Du sommet du G7 dans Charlevoix à la rencontre Trump-Poutine à Helsinki en passant par la poignée de main entre le président américain et le leader nord-coréen Kim Jong-un, une visite acrimonieuse de Donald Trump à Londres et le sommet de l’OTAN, les cinq dernières semaines ont été riches en rebondissements internationaux.

Au-delà du caractère chaotique de l’apparent réalignement de Donald Trump, ces évènements où ce dernier a vilipendé les traditionnels alliés des États-Unis, tout en montrant patte blanche à des puissances habituellement hostiles, sont-ils les signes d’une nouvelle donne planétaire ? Assistons-nous à l’avènement d’un nouvel ordre mondial ?

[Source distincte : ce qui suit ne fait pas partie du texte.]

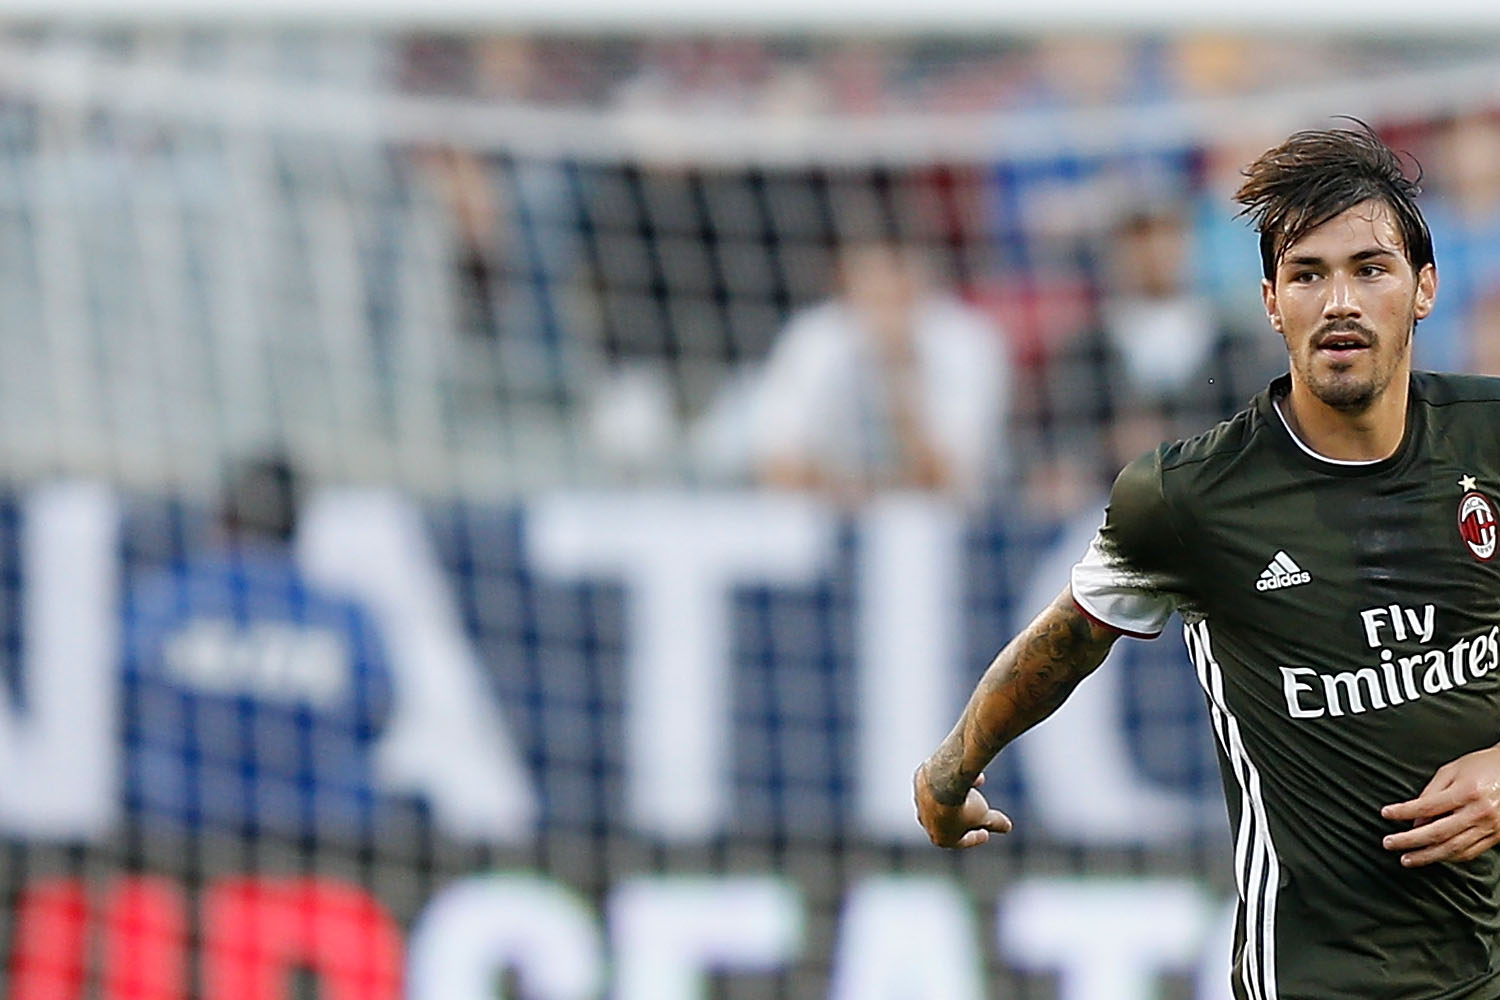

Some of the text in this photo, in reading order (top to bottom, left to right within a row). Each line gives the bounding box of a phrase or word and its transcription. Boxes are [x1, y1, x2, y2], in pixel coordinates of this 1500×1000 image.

Oui, mais ce brassage de cartes a commencé bien avant l’élection de Donald Trump, affirme le politologue et spécialiste de l’Asie de l’Université Laval Gérard Hervouet, avec qui nous nous sommes entretenue cette semaine. Voici, en quatre mots-clés, les principales caractéristiques de la nouvelle configuration multipolaire qui, peu à peu, repousse l’Occident vers les marges.

Symptôme

L’élection de Donald Trump est davantage le symptôme que la cause d’un phénomène perceptible depuis pas loin de deux décennies, affirme Gérard Hervouet. Ce phénomène, c’est « la crise latente de l’ordre libéral » qui s’est mise en branle au début du millénaire. Crise alimentée par la hausse des inégalités économiques, la mondialisation selon le modèle américain ayant fait des gagnants, mais aussi des perdants.

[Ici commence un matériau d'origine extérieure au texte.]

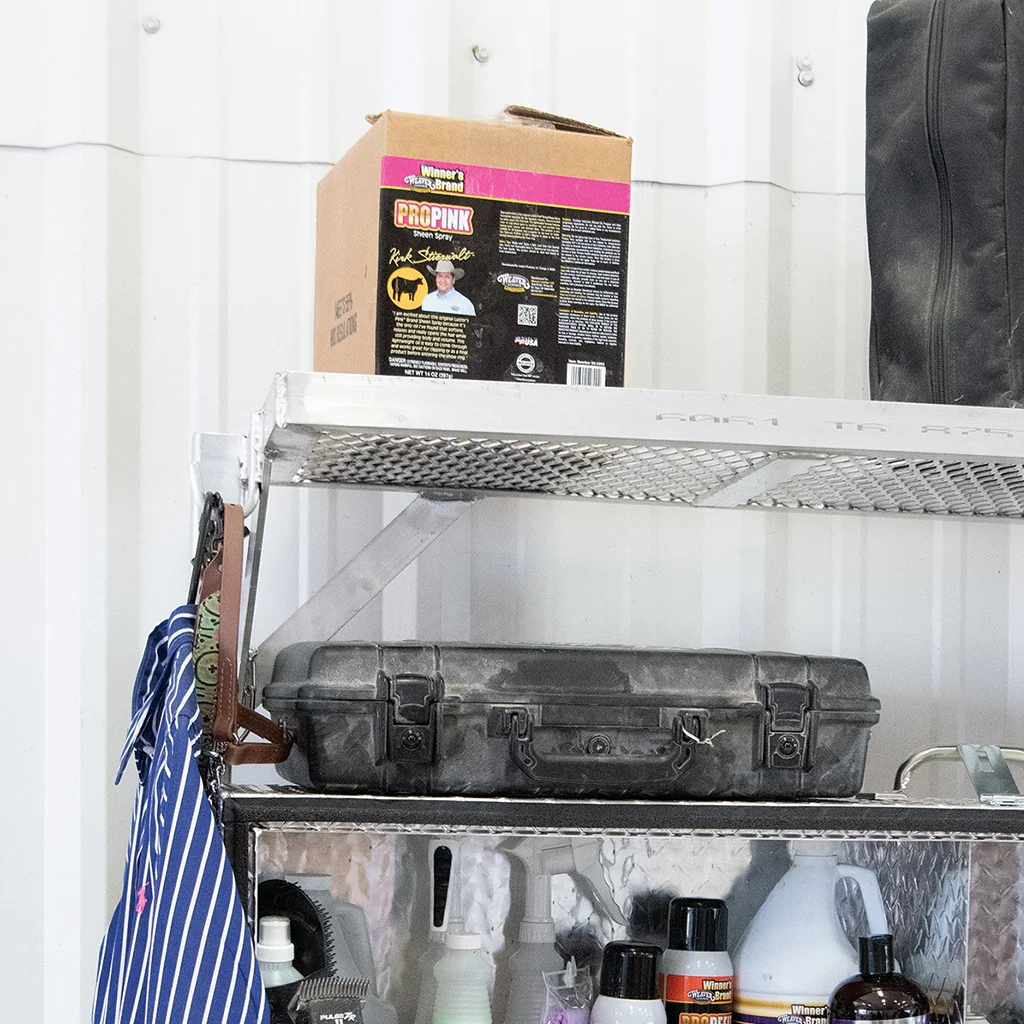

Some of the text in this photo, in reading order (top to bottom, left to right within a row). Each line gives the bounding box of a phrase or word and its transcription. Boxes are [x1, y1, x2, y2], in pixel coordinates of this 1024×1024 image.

[420, 164, 464, 181] Winner's
[434, 178, 464, 193] Brand
[396, 202, 471, 232] PROPINK
[434, 232, 454, 242] Spray

Cette crise a été marquée notamment par le déclin des valeurs traditionnelles de l’Occident, telles que la démocratie ou les droits de la personne. « L’Occident n’est plus un modèle à suivre, et plusieurs pays cherchent d’autres modèles pour assurer la prospérité de leur population », dit Gérard Hervouet. C’est le cas, par exemple, de la Chine et du Viêtnam, dont le développement économique n’est pas associé à une libéralisation politique.

L’arrivée au pouvoir de Donald Trump a accéléré le phénomène. Depuis, la première puissance mondiale qui a créé cet ordre libéral clame haut et fort qu’elle n’y croit plus ! Donnant ainsi un « puissant coup de pied dans la fourmilière ».

C’est ce qui fait dire à Gérard Hervouet que « Trump est le produit d’un courant historique » qui s’est emballé depuis son arrivée au pouvoir.

Multipolaire

Il y a eu le monde bipolaire de la guerre froide, le monde unipolaire qui a brièvement suivi la chute du mur de Berlin, bienvenue dans un monde multipolaire aux alliances nombreuses et complexes. Ce n’est plus l’Occident qui choisit quels pays sont des partenaires économiques fiables et lesquels ne le sont pas. « Cette dynamique s’est rompue », dit Gérard Hervouet.

Un exemple : la planète n’a pas arrêté de tourner quand Washington a annoncé son retrait de l’Accord de Partenariat transpacifique, le fameux PTP. D’autres acteurs, dont le Japon et l’Australie, ont pris le leadership d’un nouveau traité qui devrait voir le jour en 2019. Sans les États-Unis.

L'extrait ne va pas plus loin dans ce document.